(Beginning of DATA RECORDS)
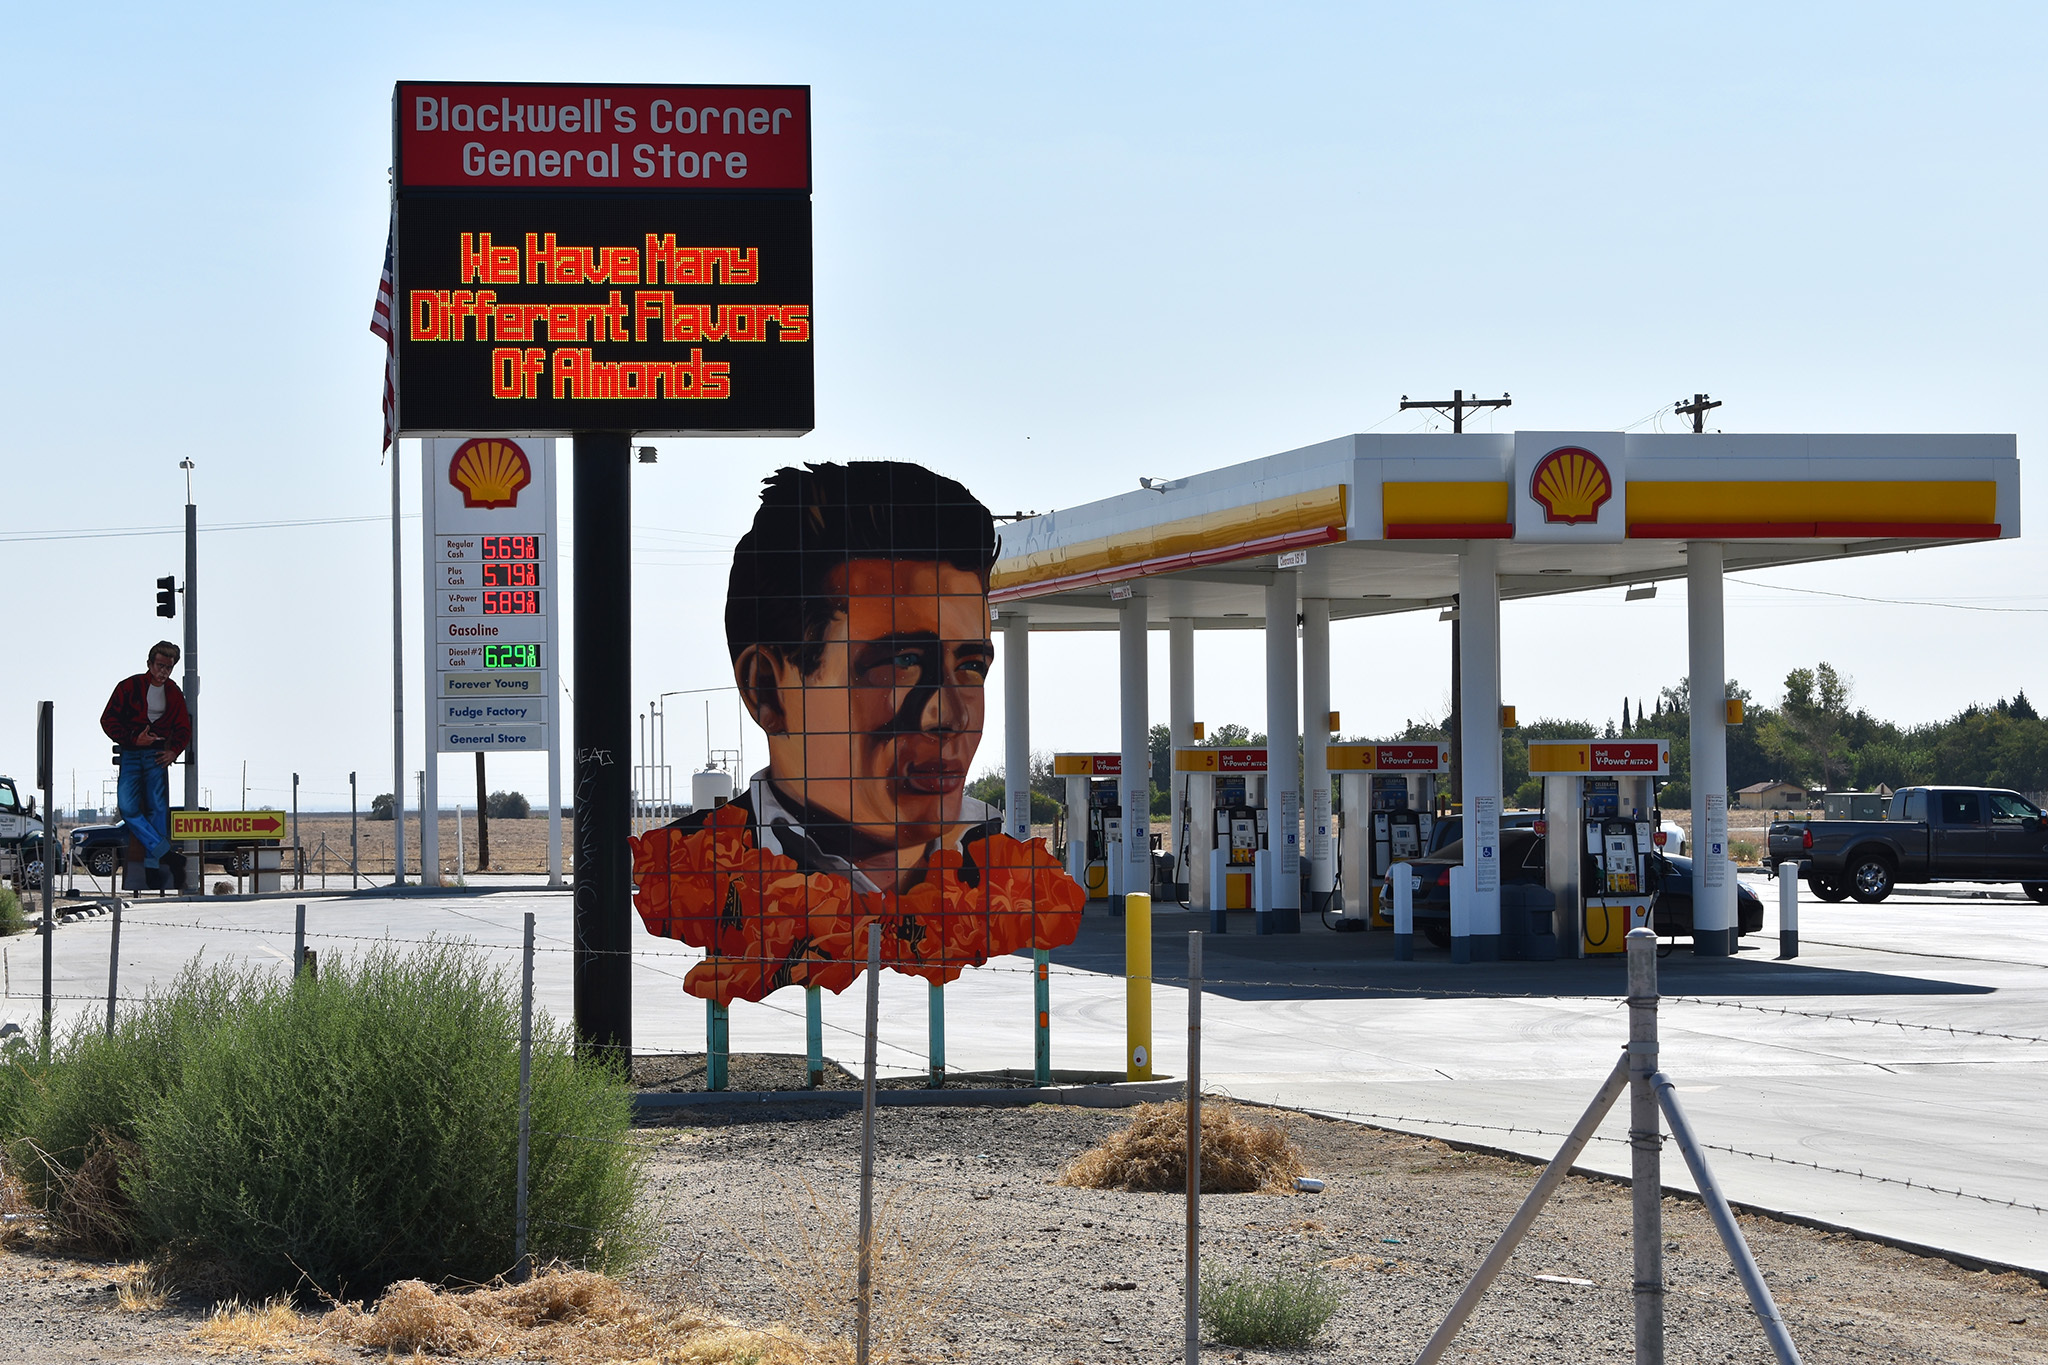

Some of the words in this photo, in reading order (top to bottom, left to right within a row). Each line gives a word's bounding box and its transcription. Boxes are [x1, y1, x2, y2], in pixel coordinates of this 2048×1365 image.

[415, 96, 637, 133] Blackwell's
[650, 99, 793, 135] Corner
[462, 141, 619, 178] General
[632, 143, 748, 179] Store
[461, 232, 519, 284] We
[526, 232, 639, 284] Have
[646, 233, 758, 285] Many
[410, 290, 629, 341] Different
[635, 290, 810, 342] Flavors
[492, 348, 546, 399] Of
[553, 348, 731, 399] Almonds
[447, 540, 474, 550] Regular
[447, 550, 465, 559] Cash
[447, 567, 463, 575] Plus
[448, 577, 465, 585] Cash
[448, 594, 477, 602] V-Power
[448, 604, 466, 613] Cash
[448, 623, 499, 636] Gasoline
[448, 648, 471, 656] Diesel
[449, 658, 466, 667] Cash
[449, 680, 491, 689] Forever
[494, 678, 529, 690] Young
[449, 706, 483, 719] Fudge
[486, 706, 528, 718] Factory
[449, 733, 494, 744] General
[498, 733, 527, 743] Store
[1206, 755, 1214, 766] 5
[1362, 752, 1371, 765] 3
[1578, 751, 1585, 765] 1
[1595, 757, 1628, 765] V-Power
[1080, 760, 1088, 770] 7
[174, 818, 252, 833] ENTRANCE
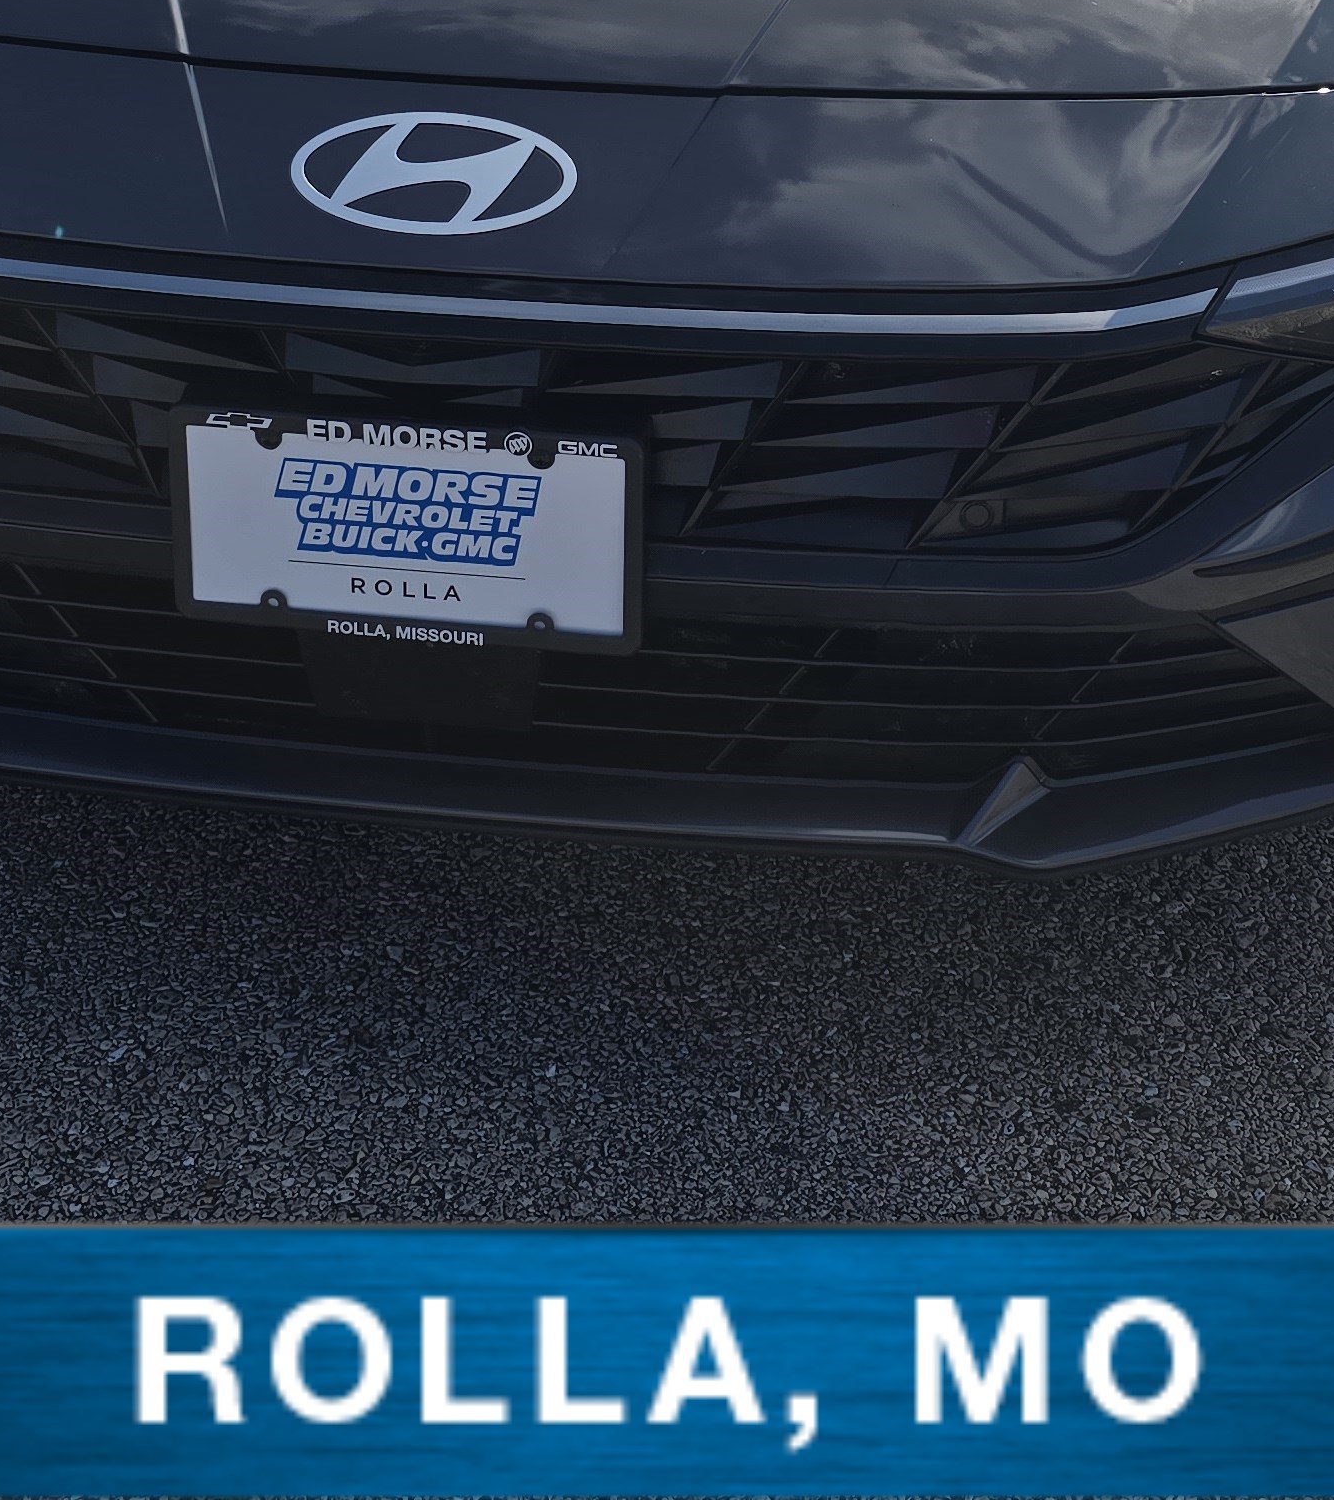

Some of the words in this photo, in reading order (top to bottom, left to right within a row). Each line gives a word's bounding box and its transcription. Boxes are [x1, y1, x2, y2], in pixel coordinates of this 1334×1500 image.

[306, 418, 352, 444] ED
[361, 423, 488, 455] MORSE
[557, 440, 618, 458] GMC
[278, 460, 347, 494] ED
[351, 466, 539, 509] MORSE
[299, 494, 519, 533] CHEVROLET
[350, 577, 462, 601] ROLLA
[326, 619, 391, 641] ROLLA,
[394, 625, 485, 646] MISSOURI
(End of DATA RECORDS)
--- YOUR OBJECTIVE ---
Would you copy out every line of the data above exactly, minus the pictures?

--- ANSWER BELOW ---
Some of the words in this photo, in reading order (top to bottom, left to right within a row). Each line gives a word's bounding box and its transcription. Boxes are [x1, y1, x2, y2], in pixel coordinates of this 2048×1365 image.

[415, 96, 637, 133] Blackwell's
[650, 99, 793, 135] Corner
[462, 141, 619, 178] General
[632, 143, 748, 179] Store
[461, 232, 519, 284] We
[526, 232, 639, 284] Have
[646, 233, 758, 285] Many
[410, 290, 629, 341] Different
[635, 290, 810, 342] Flavors
[492, 348, 546, 399] Of
[553, 348, 731, 399] Almonds
[447, 540, 474, 550] Regular
[447, 550, 465, 559] Cash
[447, 567, 463, 575] Plus
[448, 577, 465, 585] Cash
[448, 594, 477, 602] V-Power
[448, 604, 466, 613] Cash
[448, 623, 499, 636] Gasoline
[448, 648, 471, 656] Diesel
[449, 658, 466, 667] Cash
[449, 680, 491, 689] Forever
[494, 678, 529, 690] Young
[449, 706, 483, 719] Fudge
[486, 706, 528, 718] Factory
[449, 733, 494, 744] General
[498, 733, 527, 743] Store
[1206, 755, 1214, 766] 5
[1362, 752, 1371, 765] 3
[1578, 751, 1585, 765] 1
[1595, 757, 1628, 765] V-Power
[1080, 760, 1088, 770] 7
[174, 818, 252, 833] ENTRANCE

Some of the words in this photo, in reading order (top to bottom, left to right within a row). Each line gives a word's bounding box and its transcription. Boxes are [x1, y1, x2, y2], in pixel coordinates of this 1334×1500 image.

[306, 418, 352, 444] ED
[361, 423, 488, 455] MORSE
[557, 440, 618, 458] GMC
[278, 460, 347, 494] ED
[351, 466, 539, 509] MORSE
[299, 494, 519, 533] CHEVROLET
[350, 577, 462, 601] ROLLA
[326, 619, 391, 641] ROLLA,
[394, 625, 485, 646] MISSOURI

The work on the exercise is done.